| Problem requirements |
Return all of the listing word for word; the pictures stay out.

| Data to examine |
═══

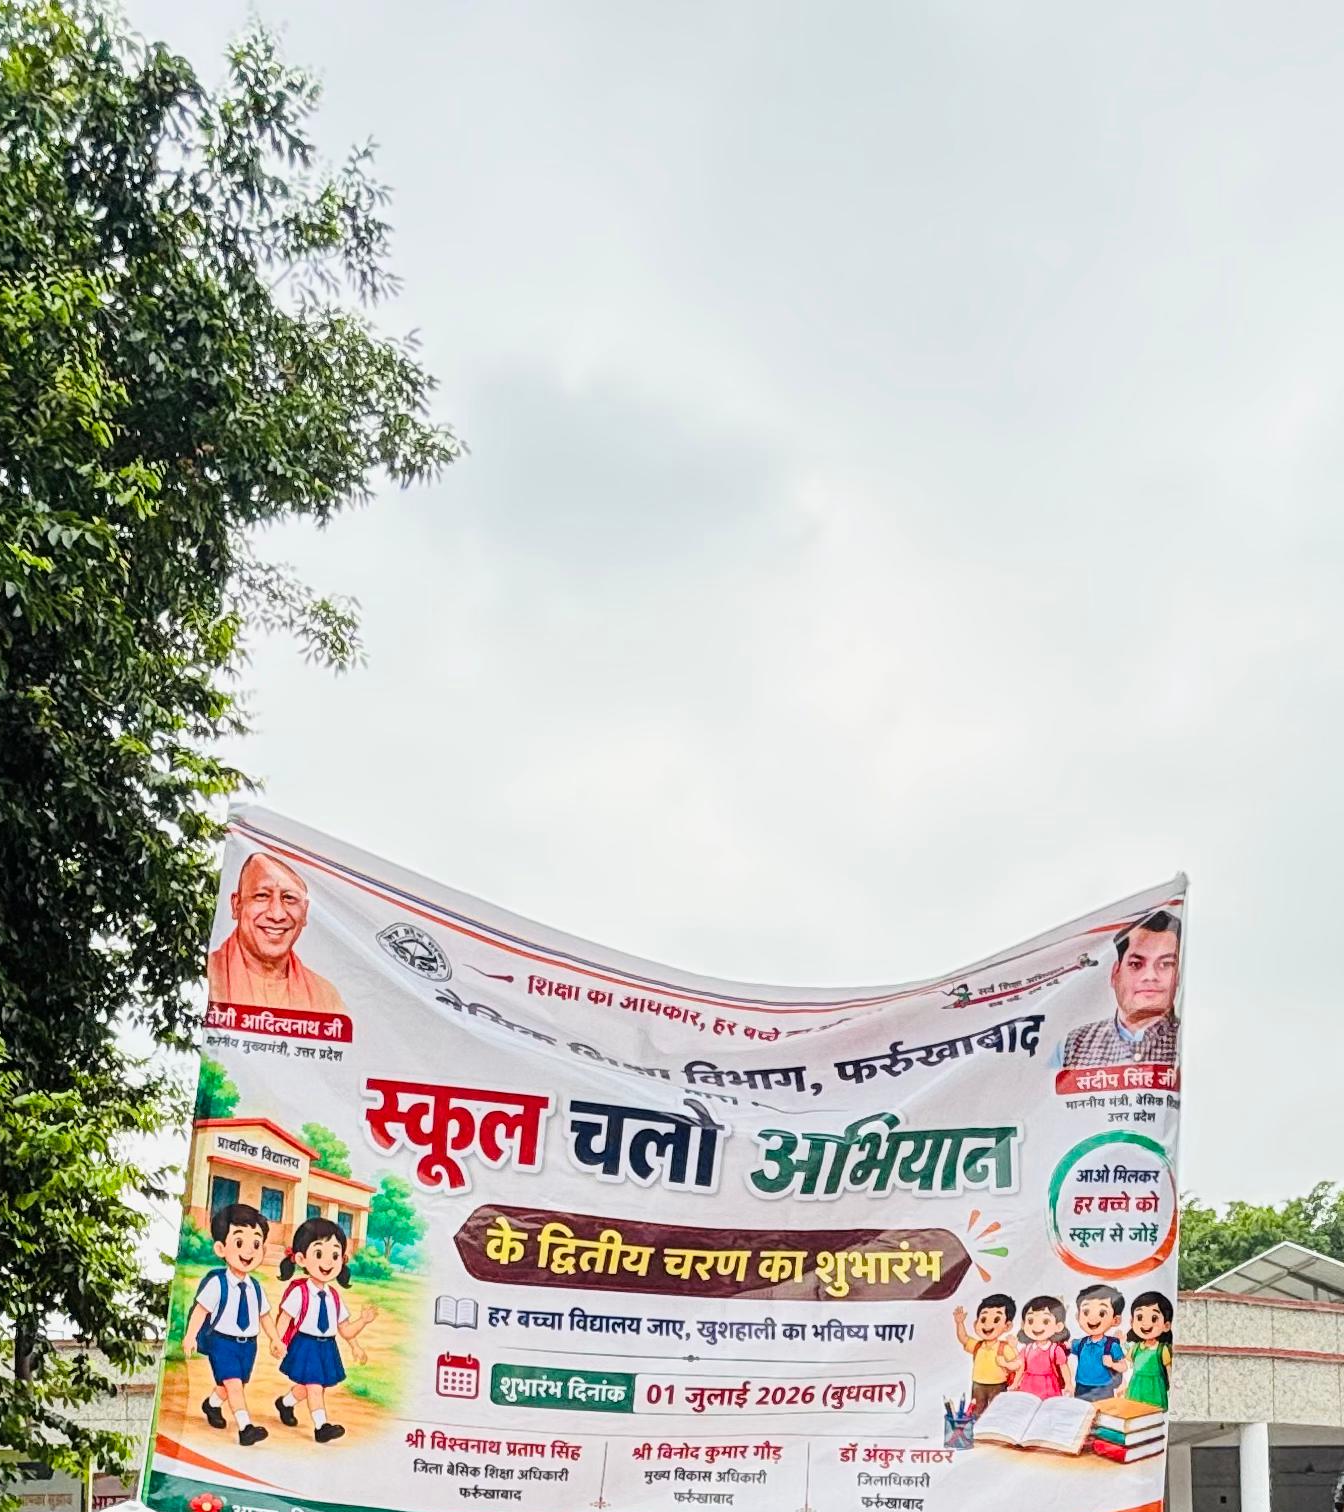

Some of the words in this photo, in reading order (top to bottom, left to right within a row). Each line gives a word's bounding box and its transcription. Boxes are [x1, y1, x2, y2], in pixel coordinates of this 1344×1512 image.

[682, 1060, 825, 1096] विभाग,
[365, 1078, 549, 1188] स्कूल
[570, 1097, 725, 1187] चलो
[753, 1111, 1018, 1195] अभियान
[485, 1216, 526, 1265] के
[536, 1229, 652, 1277] द्वितीय
[663, 1246, 748, 1283] चरण
[757, 1248, 805, 1283] का
[815, 1239, 943, 1297] शुभारंभ
[487, 1305, 511, 1329] हर
[517, 1309, 563, 1332] बच्चा
[568, 1310, 642, 1336] विद्यालय
[646, 1317, 691, 1343] जाए,
[697, 1316, 777, 1346] खुशहाली
[783, 1324, 806, 1342] का
[812, 1320, 869, 1343] भविष्य
[874, 1323, 915, 1344] पाए।
[499, 1374, 563, 1405] शुभारंभ
[568, 1376, 627, 1404] दिनांक
[646, 1384, 675, 1404] 01
[685, 1380, 751, 1414] जुलाई
[756, 1385, 815, 1406] 2026
[822, 1380, 907, 1410] (बुधवार)
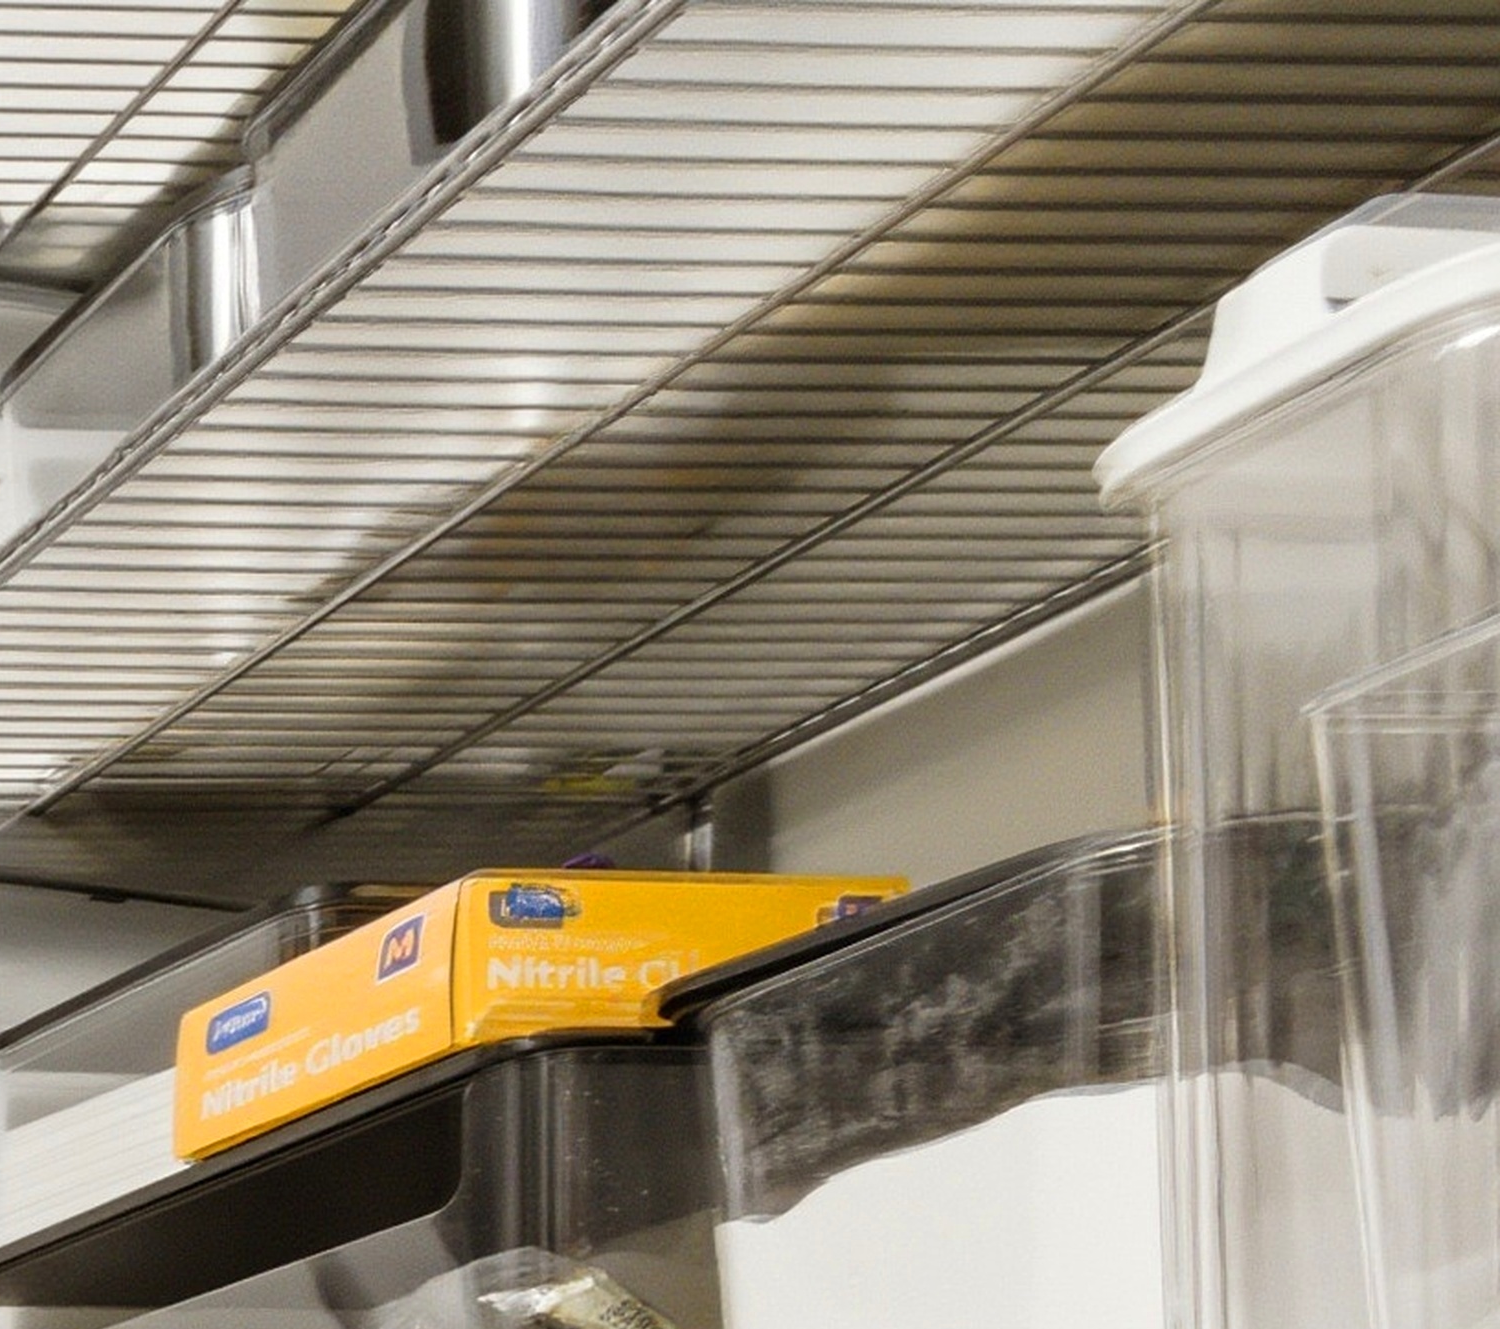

═══

| Completed exercise |
Some of the words in this photo, in reading order (top to bottom, left to right within a row). Each line gives a word's bounding box and its transcription. Boxes are [x1, y1, x2, y2], in pixel coordinates of this 1344×1512 image.

[682, 1060, 825, 1096] विभाग,
[365, 1078, 549, 1188] स्कूल
[570, 1097, 725, 1187] चलो
[753, 1111, 1018, 1195] अभियान
[485, 1216, 526, 1265] के
[536, 1229, 652, 1277] द्वितीय
[663, 1246, 748, 1283] चरण
[757, 1248, 805, 1283] का
[815, 1239, 943, 1297] शुभारंभ
[487, 1305, 511, 1329] हर
[517, 1309, 563, 1332] बच्चा
[568, 1310, 642, 1336] विद्यालय
[646, 1317, 691, 1343] जाए,
[697, 1316, 777, 1346] खुशहाली
[783, 1324, 806, 1342] का
[812, 1320, 869, 1343] भविष्य
[874, 1323, 915, 1344] पाए।
[499, 1374, 563, 1405] शुभारंभ
[568, 1376, 627, 1404] दिनांक
[646, 1384, 675, 1404] 01
[685, 1380, 751, 1414] जुलाई
[756, 1385, 815, 1406] 2026
[822, 1380, 907, 1410] (बुधवार)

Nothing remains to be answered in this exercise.